When selecting a rainfall–runoff model for application to an arid region, the literature dictates the need to consider the spatial features of rainfall and the variability and non-linearity of losses, and to match model complexity to the availability and quality of data. In light of this, the metric-conceptual IHACRES model is applied to hourly data from a 734 km2 catchment in Oman, using a semi-distributed representation of rainfall input. Sensitivity analysis is used to guide reduction of the model from a 9-parameter version to simpler versions. The performances of the alternative versions, for predicting flow volumes and peaks at the catchment outlet, are inter-compared.
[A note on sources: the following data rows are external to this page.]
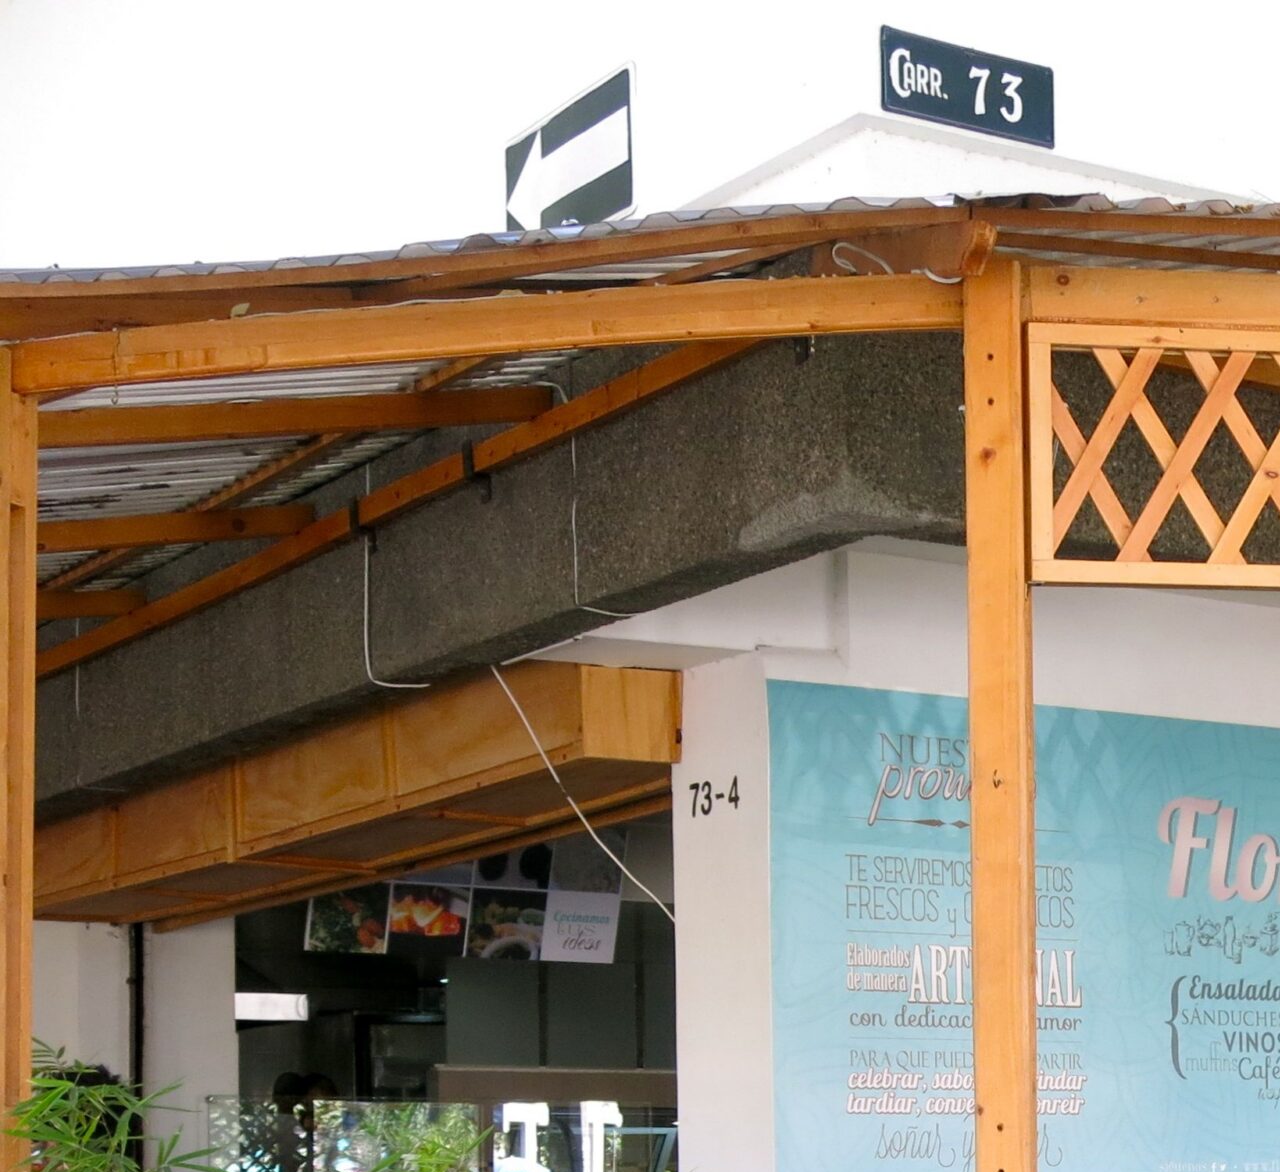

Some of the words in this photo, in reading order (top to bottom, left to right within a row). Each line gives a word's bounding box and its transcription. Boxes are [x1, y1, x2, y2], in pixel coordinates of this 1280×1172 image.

[968, 65, 1024, 123] 73
[689, 775, 740, 818] 73-4
[845, 853, 868, 882] TE
[846, 884, 939, 922] FRESCOS
[947, 907, 958, 938] y
[846, 943, 911, 968] Elaborados
[847, 967, 862, 991] de
[864, 972, 908, 992] manera
[849, 1012, 887, 1028] con
[850, 1049, 892, 1067] PARA
[896, 1050, 929, 1071] QUE
[1185, 1040, 1239, 1073] muffins
[874, 1121, 956, 1168] soñar
Performances are also compared with those achieved using lumped versions of IHACRES, a physics-based model and a 2-parameter regression model. For peak flows, a 2-parameter non-linear loss model with 2-parameter linear routing, applied in semi-distributed mode, achieves the best overall performance. For flow volumes, the same model was preferred although the routing component was not required. The principal reasons for the success of these models are thought to be their parsimony, representation of spatial rainfall, and ability to compensate for systematic rainfall and flow observation errors. Extra performance is achieved by using a score-based calibration criterion, which is more robust to extreme errors than the fit-based criteria. Although the best performances are poor, with an average absolute relative error across events of 53% for flow peaks and 36% for flow volumes, this is not disappointing compared to other applications of this type. Prediction uncertainty is high due to variability of effective parameter values over events, and uncertainty analysis must explicitly represent this variability in order to explain the observations.